An exact transcription of all the records is required, minus the images.

--- RECORDS FOR PROCESSING ---

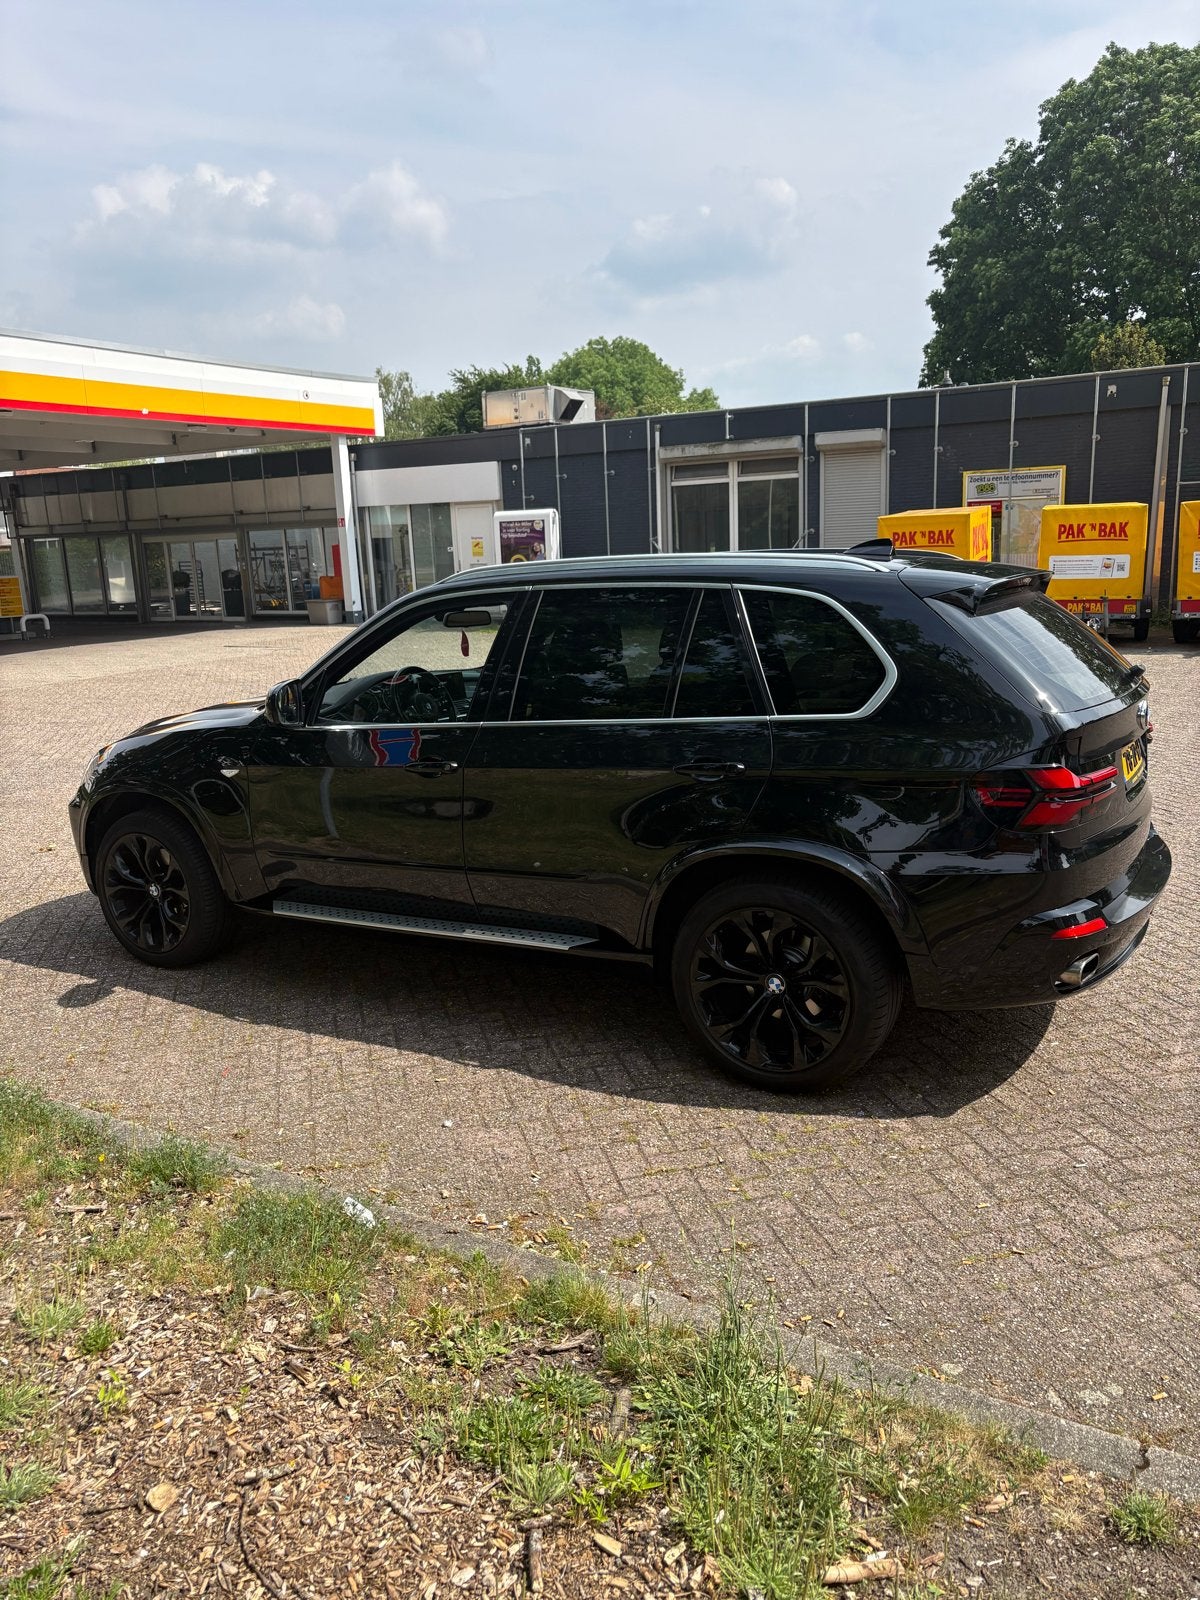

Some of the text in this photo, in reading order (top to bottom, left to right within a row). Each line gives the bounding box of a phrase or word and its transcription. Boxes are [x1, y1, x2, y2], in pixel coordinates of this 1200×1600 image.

[1004, 471, 1059, 481] teefoonnummer?
[892, 531, 917, 545] PAK
[928, 528, 955, 544] BAK
[1058, 523, 1087, 540] PAK
[1098, 520, 1129, 538] BAK
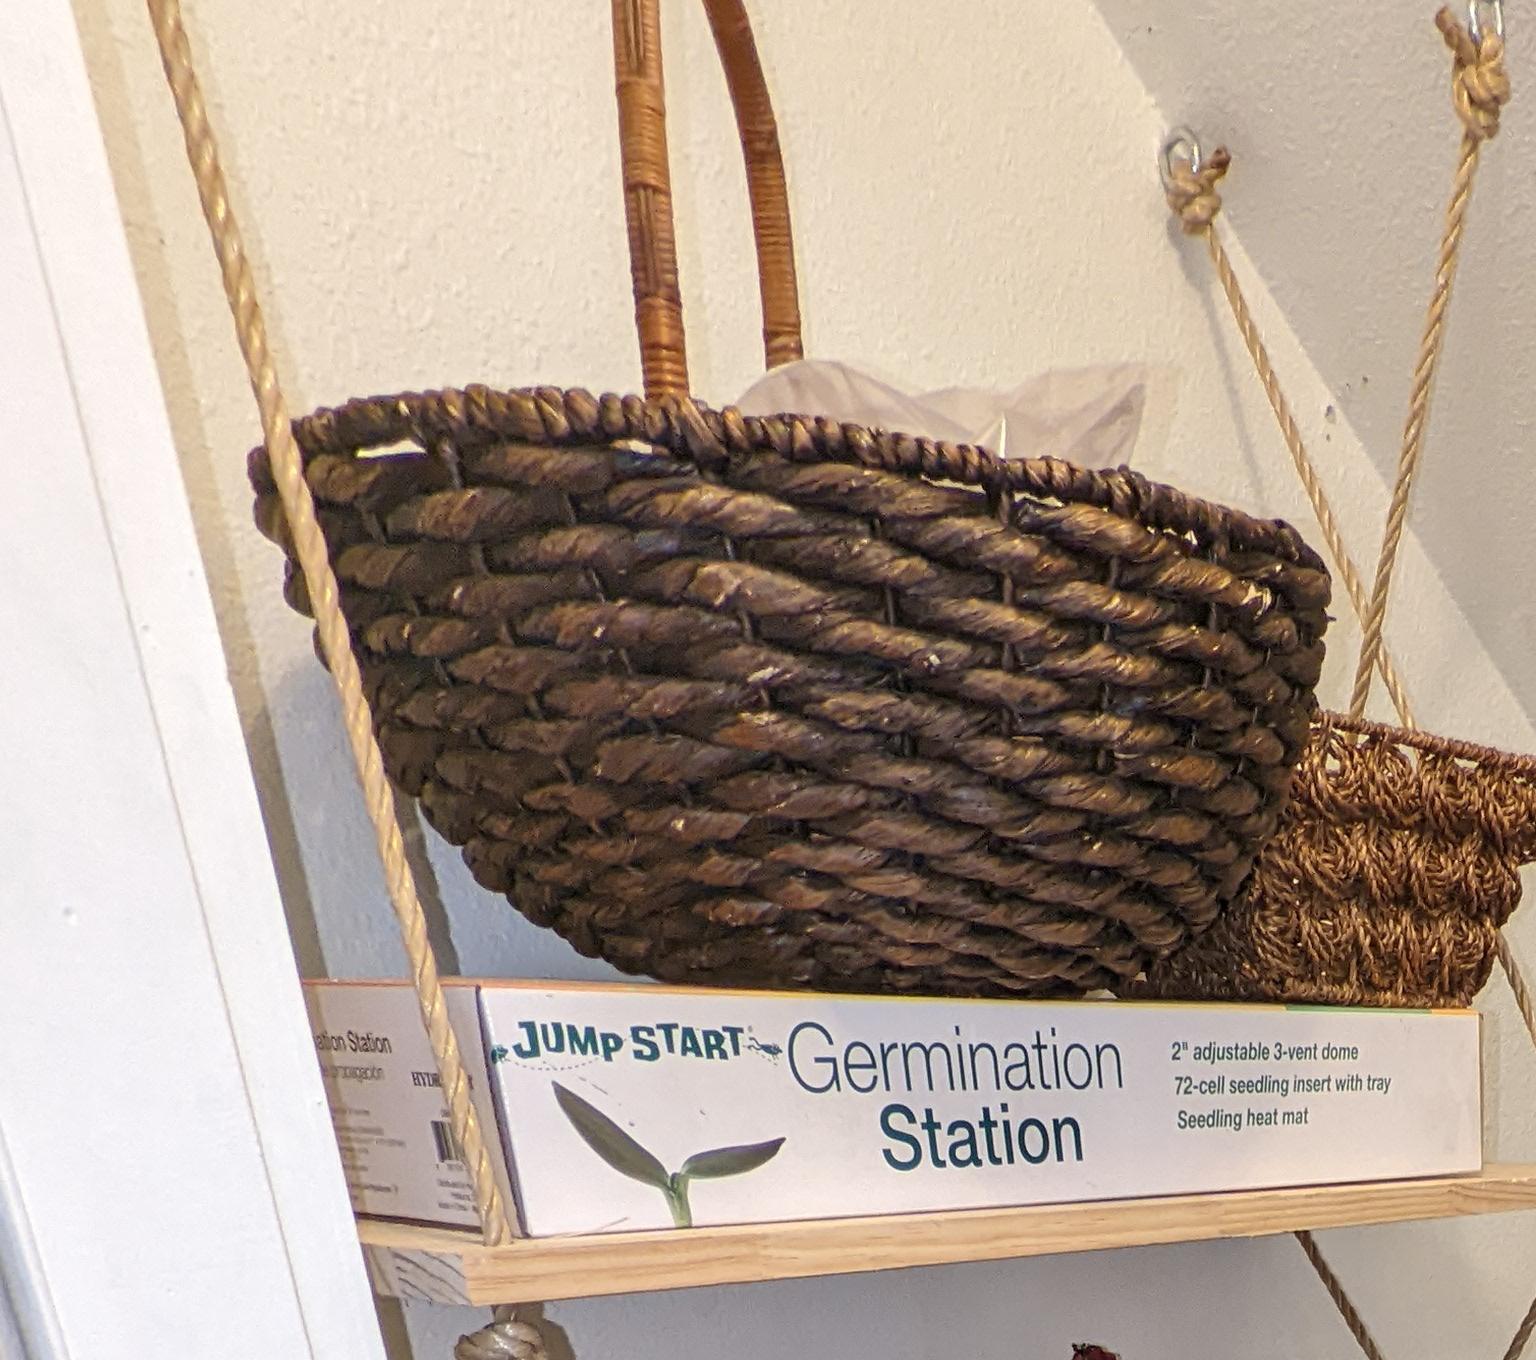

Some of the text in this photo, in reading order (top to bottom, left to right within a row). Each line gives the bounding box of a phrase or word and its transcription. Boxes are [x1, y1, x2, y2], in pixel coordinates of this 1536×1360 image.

---

[WRITTEN SOLUTION]
Some of the text in this photo, in reading order (top to bottom, left to right within a row). Each line gives the bounding box of a phrase or word and its transcription. Boxes are [x1, y1, x2, y2], in pixel coordinates of this 1200×1600 image.

[1004, 471, 1059, 481] teefoonnummer?
[892, 531, 917, 545] PAK
[928, 528, 955, 544] BAK
[1058, 523, 1087, 540] PAK
[1098, 520, 1129, 538] BAK

Some of the text in this photo, in reading order (top to bottom, left to right within a row). Each line gives the bounding box of a phrase or word and its transcription. Boxes are [x1, y1, x2, y2], in pixel coordinates of this 1536×1360 image.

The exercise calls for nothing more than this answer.